"They are as handsome eyes as ever I saw," was the answer.

"They may be handsome, but I don't like them. But that it is wrong to say it, I could almost say I hate them. They frighten me, David."

"That's just one of your foolish fancies," cried Mr. Dundyke, in wrath. "You are always taking them up, you know."

A day or two after this, Mr. Hardcastle came straight into the presence of Mr. Dundyke, some papers in his hand. "My dear sir," he said, "I want you to do me a favour."

The common-councilman jumped up and placed a chair for the great man, delighted at the prospect of doing him a favour.

"I wrote home a few days ago for them to send me a letter of credit on the bankers here. It came this morning, and just see what they have done!"

Mr. Hardcastle tossed, as he spoke, the letter of credit to Mr. Dundyke. Now the latter, shrewd man of business though he was amid his own chests of tea, knew very little of these foreign letters of credit, their forms, or their appearance. All he could make out of the present one was, that it was a sort of order to receive one hundred pounds.
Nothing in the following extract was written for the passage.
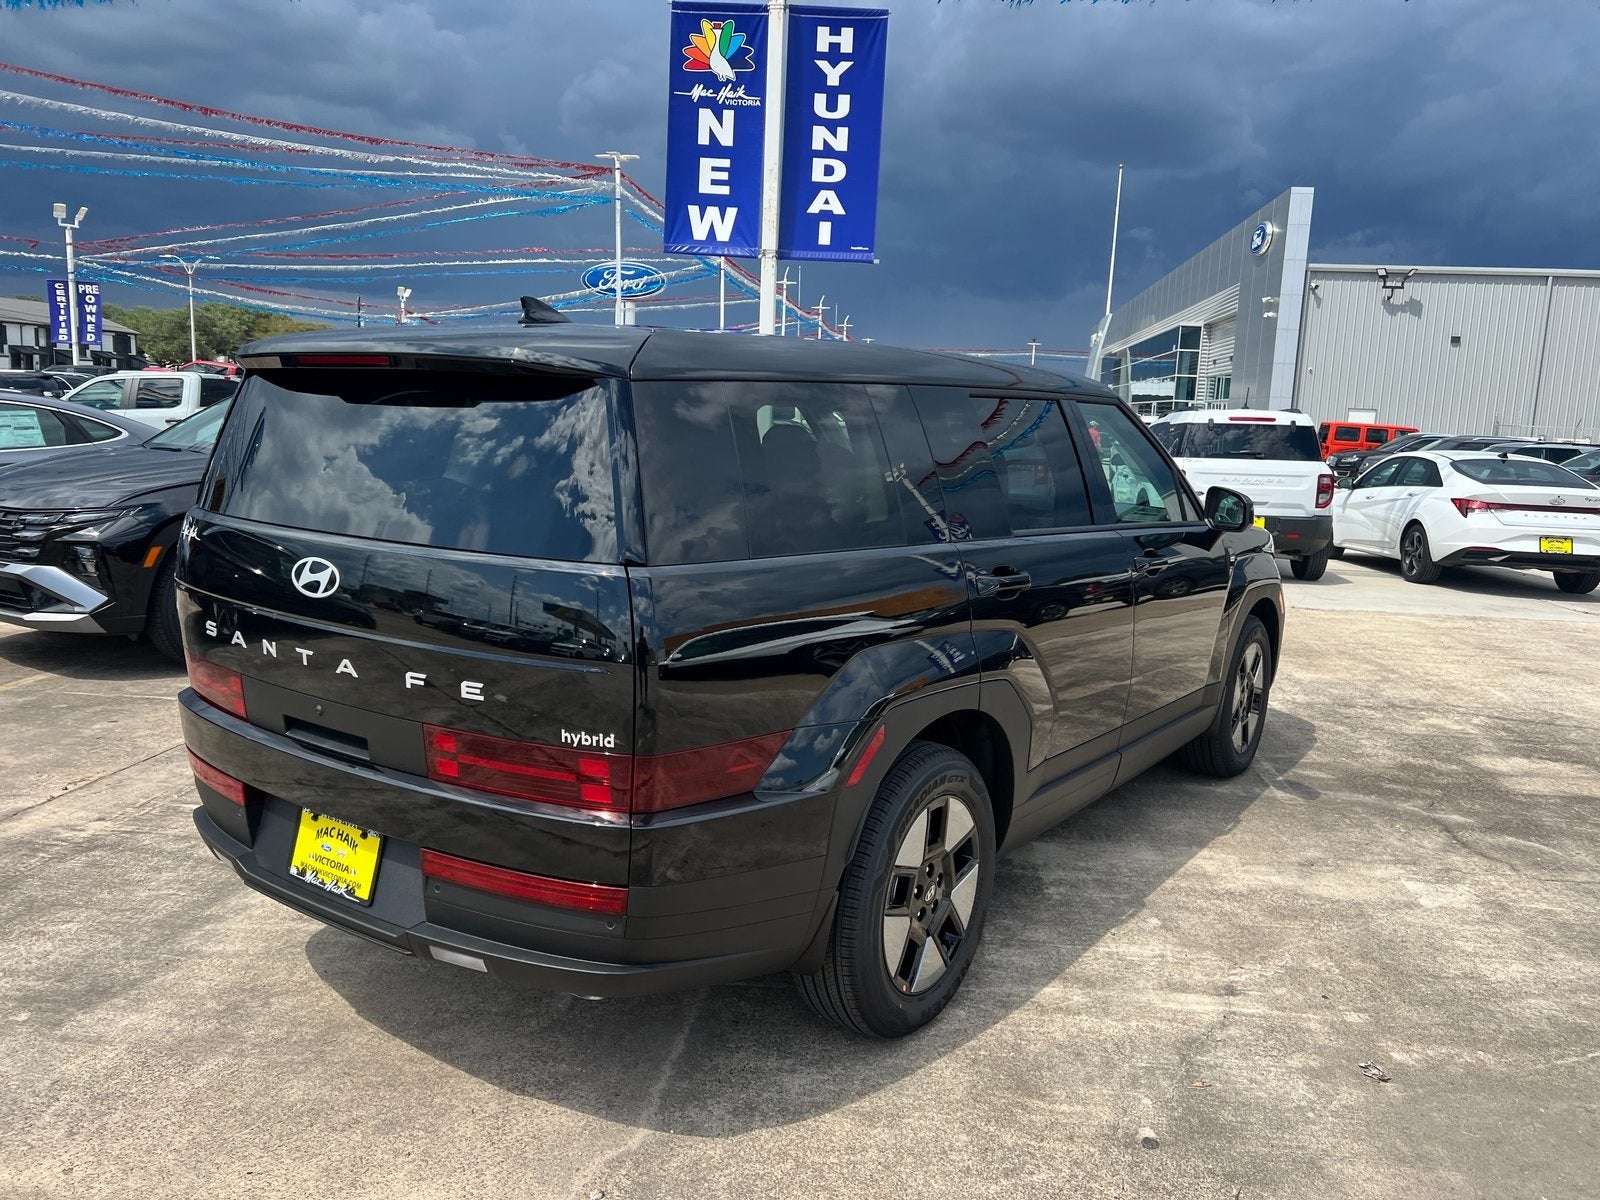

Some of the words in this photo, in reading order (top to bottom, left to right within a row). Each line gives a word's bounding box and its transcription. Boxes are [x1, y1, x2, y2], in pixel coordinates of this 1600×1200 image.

"Don't you see the error?" exclaimed Mr. Hardcastle. "They have made it payable to my uncle, Stephen Hardcastle, instead of to me. My name's not Stephen, so it would be perfectly useless for me to present it. How the clerks came to make so foolish a mistake I cannot tell. Some one of them I suppose, in the pressure of business, managed to give unintelligible orders to the bankers, and so caused the error."

"Dear me!" said Mr. Dundyke.

"Now I want to know if you can let me have this sum. I shall write immediately to get the thing rectified, and if you can accommodate me for a few days, until the needful comes, I will then repay you with many thanks."